Stored dataset items:
☆ ☆ ☆ ☆ ☆

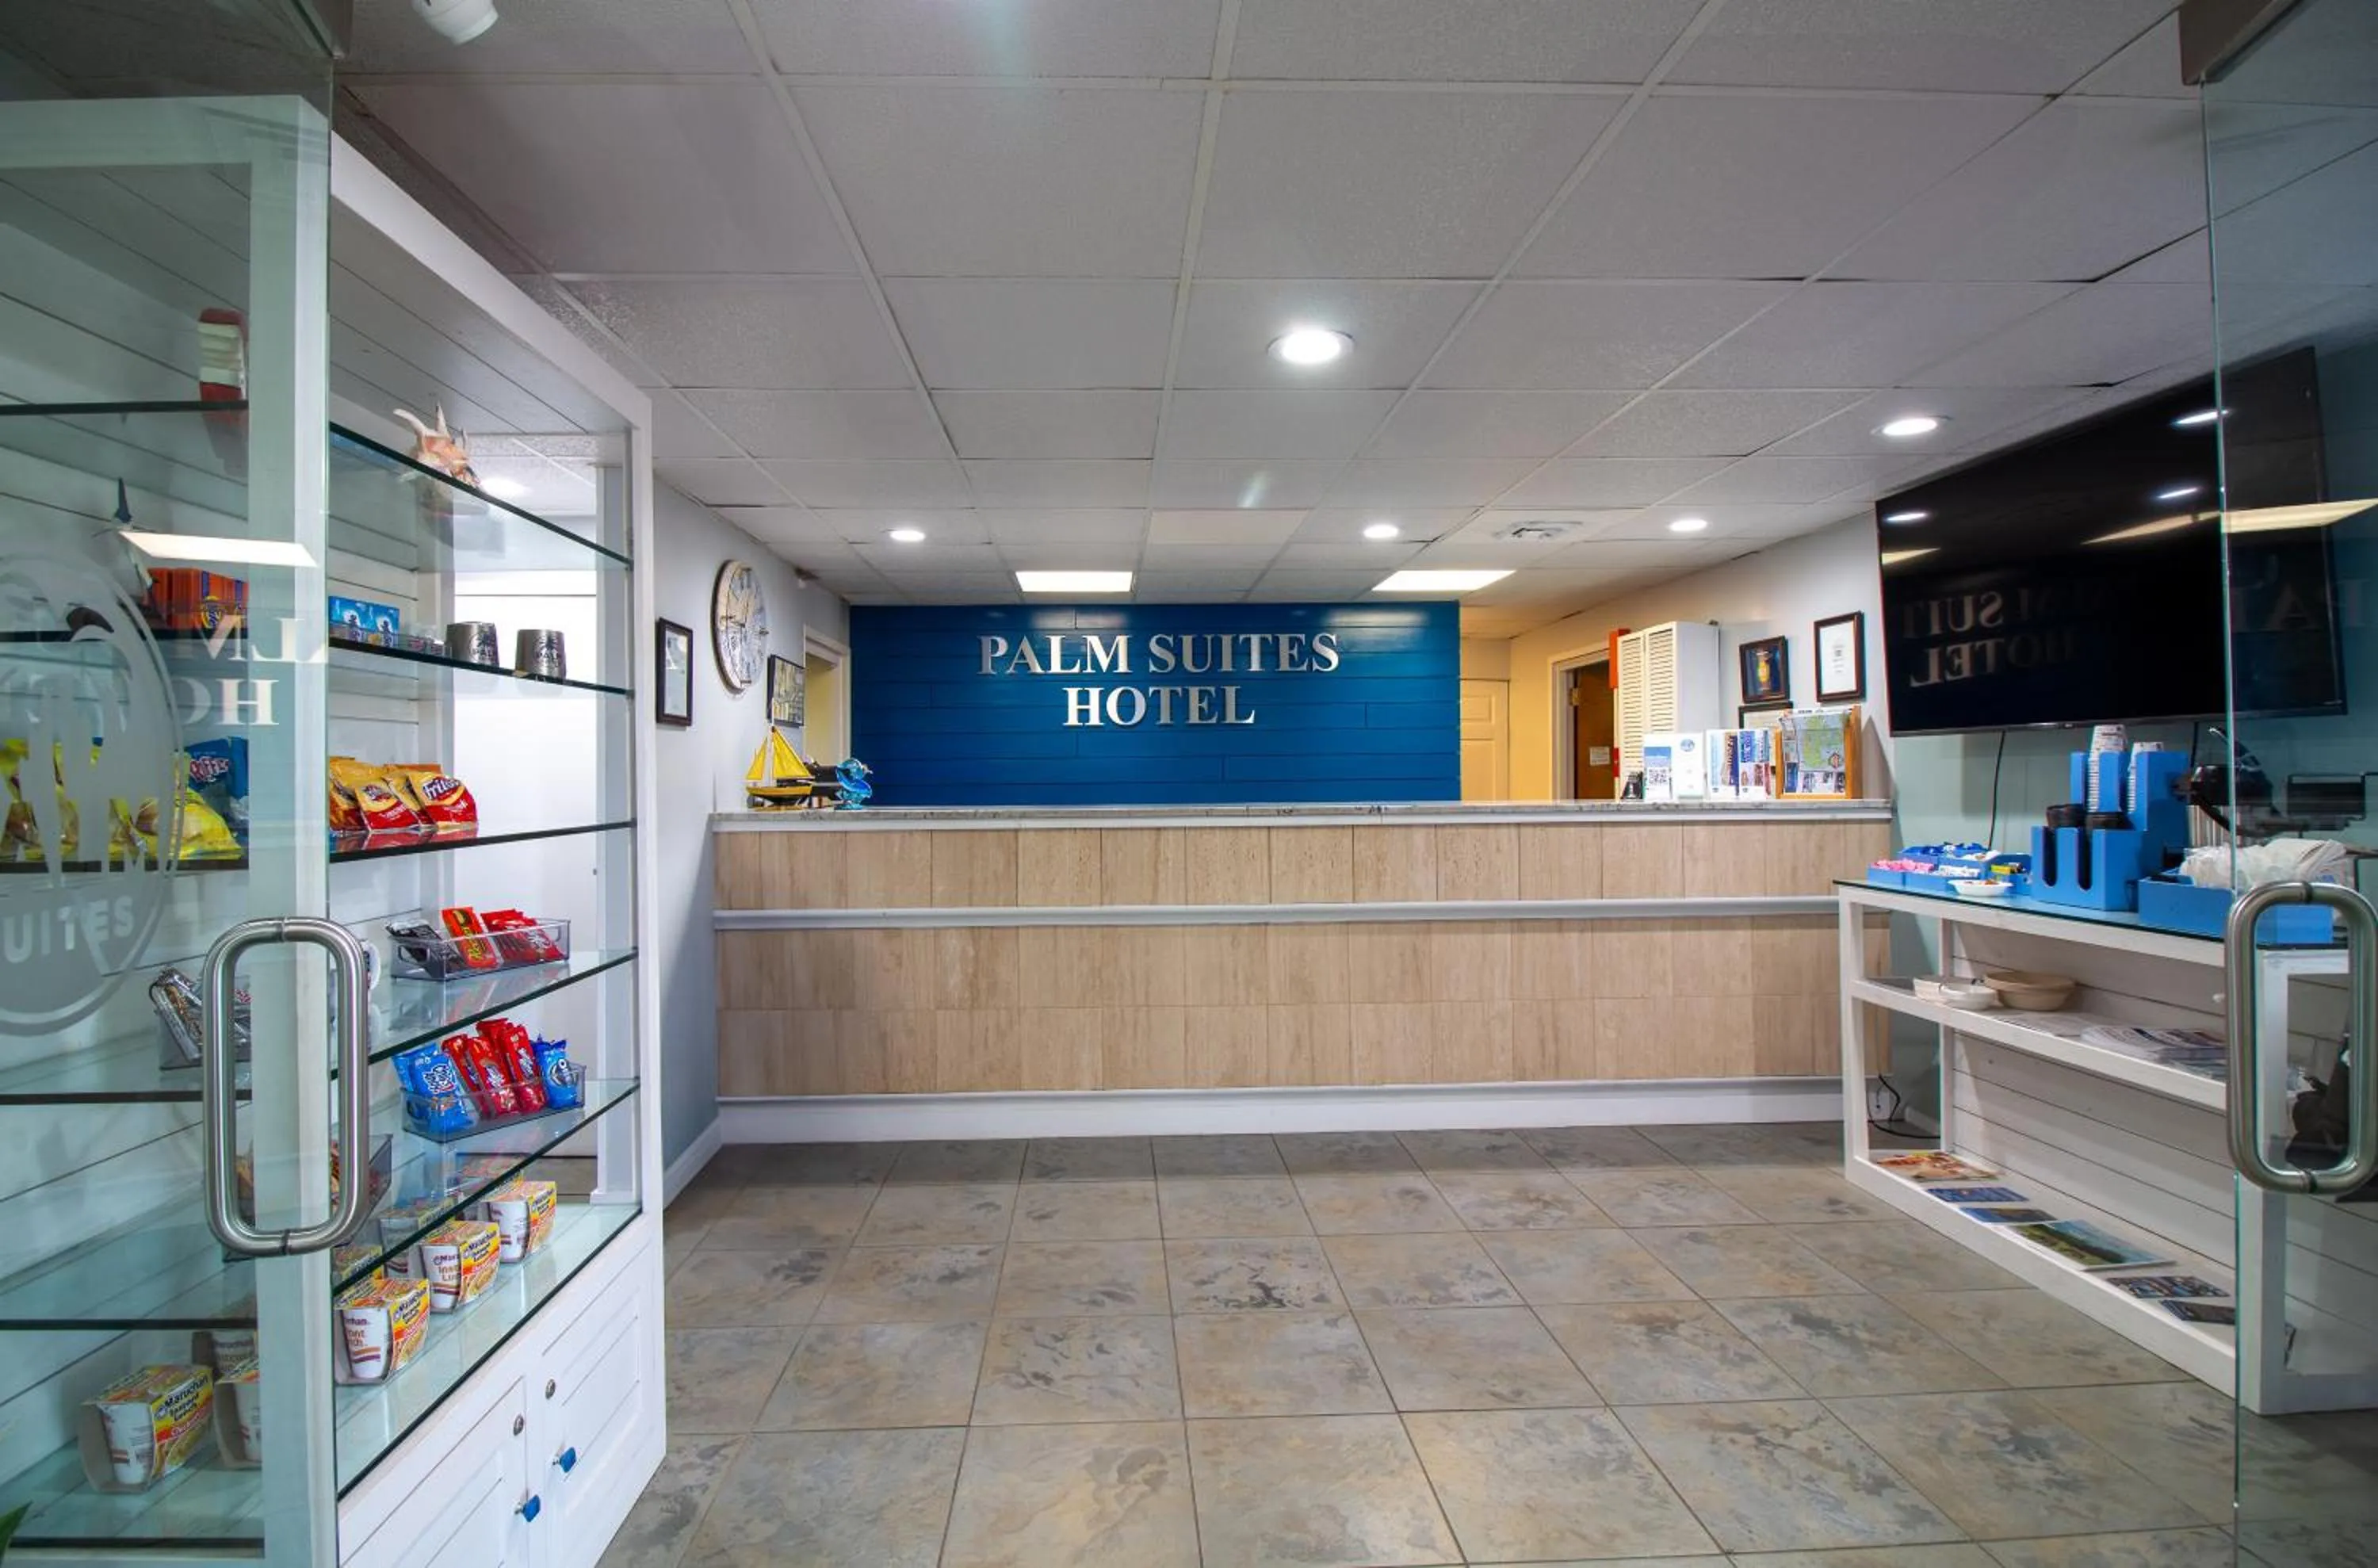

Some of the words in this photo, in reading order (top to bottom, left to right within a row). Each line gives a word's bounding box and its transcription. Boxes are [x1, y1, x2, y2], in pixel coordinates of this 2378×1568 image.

[976, 633, 1134, 675] PALM
[1149, 633, 1341, 672] SUITES
[1062, 686, 1256, 726] HOTEL
[3, 895, 135, 964] UITES
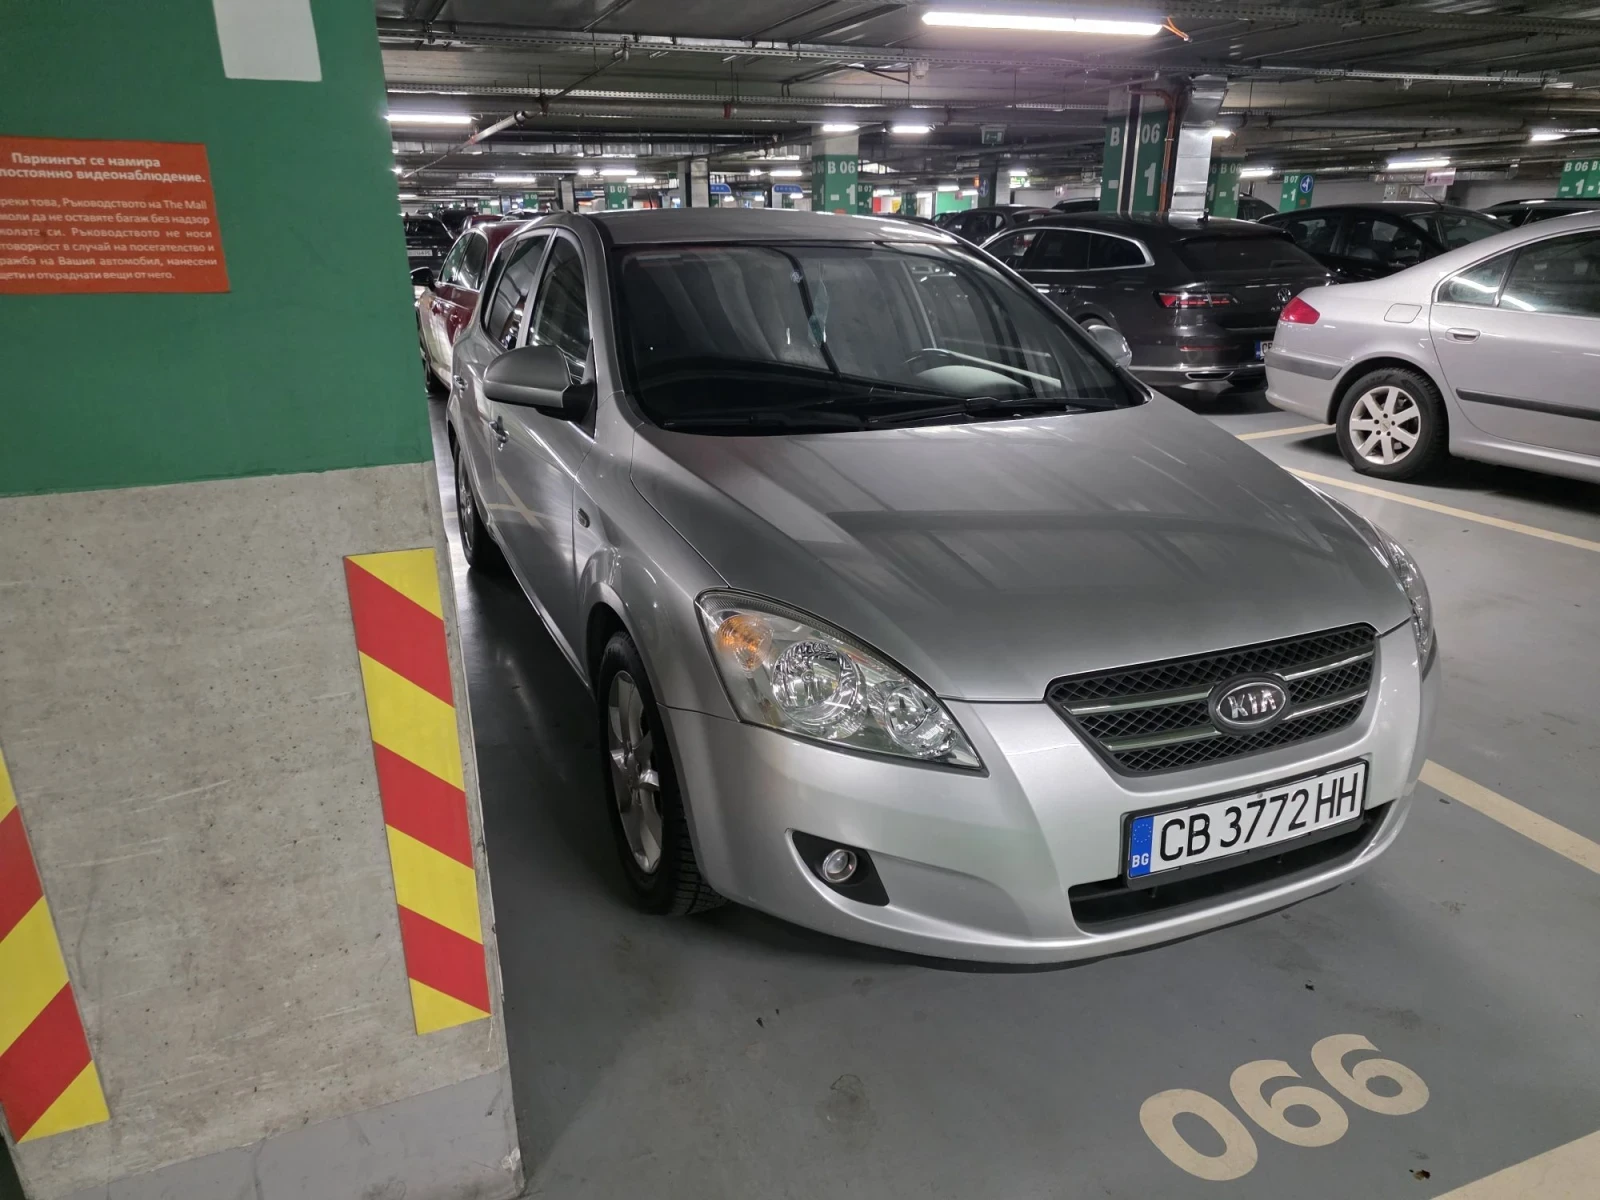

☆ ☆ ☆ ☆ ☆

WHAT TO PRODUCE – Your task is to restate every record word for word. Omit all pictures.

RESPONSE –
Some of the words in this photo, in reading order (top to bottom, left to right within a row). Each line gives a word's bounding box and its transcription. Boxes are [x1, y1, x2, y2], in pixel coordinates of this 2378×1568 image.

[976, 633, 1134, 675] PALM
[1149, 633, 1341, 672] SUITES
[1062, 686, 1256, 726] HOTEL
[3, 895, 135, 964] UITES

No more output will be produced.